• _EXERCISE BRIEF_: Retype all of the data shown below, keeping every character the same.

==== DATA EXTRACTS ====

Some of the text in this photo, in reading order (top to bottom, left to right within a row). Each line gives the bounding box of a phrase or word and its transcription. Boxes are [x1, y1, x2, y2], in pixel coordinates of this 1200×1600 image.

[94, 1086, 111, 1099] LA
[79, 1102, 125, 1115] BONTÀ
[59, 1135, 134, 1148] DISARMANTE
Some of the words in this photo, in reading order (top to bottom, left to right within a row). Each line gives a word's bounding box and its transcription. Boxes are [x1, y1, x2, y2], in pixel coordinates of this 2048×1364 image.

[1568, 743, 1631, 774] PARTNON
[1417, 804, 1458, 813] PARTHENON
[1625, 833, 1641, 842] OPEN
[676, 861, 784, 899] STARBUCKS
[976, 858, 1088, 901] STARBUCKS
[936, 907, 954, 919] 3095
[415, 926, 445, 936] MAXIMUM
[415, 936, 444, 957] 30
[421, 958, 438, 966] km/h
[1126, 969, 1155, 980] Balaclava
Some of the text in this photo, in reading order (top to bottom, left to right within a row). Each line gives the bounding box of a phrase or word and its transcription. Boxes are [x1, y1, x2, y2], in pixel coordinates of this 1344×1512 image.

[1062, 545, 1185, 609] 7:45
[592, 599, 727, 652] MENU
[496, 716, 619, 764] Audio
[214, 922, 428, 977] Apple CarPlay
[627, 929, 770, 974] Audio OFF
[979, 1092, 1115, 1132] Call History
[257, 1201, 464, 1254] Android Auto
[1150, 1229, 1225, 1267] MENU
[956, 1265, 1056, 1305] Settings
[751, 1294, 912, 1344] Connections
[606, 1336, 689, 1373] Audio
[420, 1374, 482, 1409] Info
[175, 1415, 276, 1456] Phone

====

• _RESULT OF THE EXERCISE_:
Some of the text in this photo, in reading order (top to bottom, left to right within a row). Each line gives the bounding box of a phrase or word and its transcription. Boxes are [x1, y1, x2, y2], in pixel coordinates of this 1200×1600 image.

[94, 1086, 111, 1099] LA
[79, 1102, 125, 1115] BONTÀ
[59, 1135, 134, 1148] DISARMANTE
Some of the words in this photo, in reading order (top to bottom, left to right within a row). Each line gives a word's bounding box and its transcription. Boxes are [x1, y1, x2, y2], in pixel coordinates of this 2048×1364 image.

[1568, 743, 1631, 774] PARTNON
[1417, 804, 1458, 813] PARTHENON
[1625, 833, 1641, 842] OPEN
[676, 861, 784, 899] STARBUCKS
[976, 858, 1088, 901] STARBUCKS
[936, 907, 954, 919] 3095
[415, 926, 445, 936] MAXIMUM
[415, 936, 444, 957] 30
[421, 958, 438, 966] km/h
[1126, 969, 1155, 980] Balaclava
Some of the text in this photo, in reading order (top to bottom, left to right within a row). Each line gives the bounding box of a phrase or word and its transcription. Boxes are [x1, y1, x2, y2], in pixel coordinates of this 1344×1512 image.

[1062, 545, 1185, 609] 7:45
[592, 599, 727, 652] MENU
[496, 716, 619, 764] Audio
[214, 922, 428, 977] Apple CarPlay
[627, 929, 770, 974] Audio OFF
[979, 1092, 1115, 1132] Call History
[257, 1201, 464, 1254] Android Auto
[1150, 1229, 1225, 1267] MENU
[956, 1265, 1056, 1305] Settings
[751, 1294, 912, 1344] Connections
[606, 1336, 689, 1373] Audio
[420, 1374, 482, 1409] Info
[175, 1415, 276, 1456] Phone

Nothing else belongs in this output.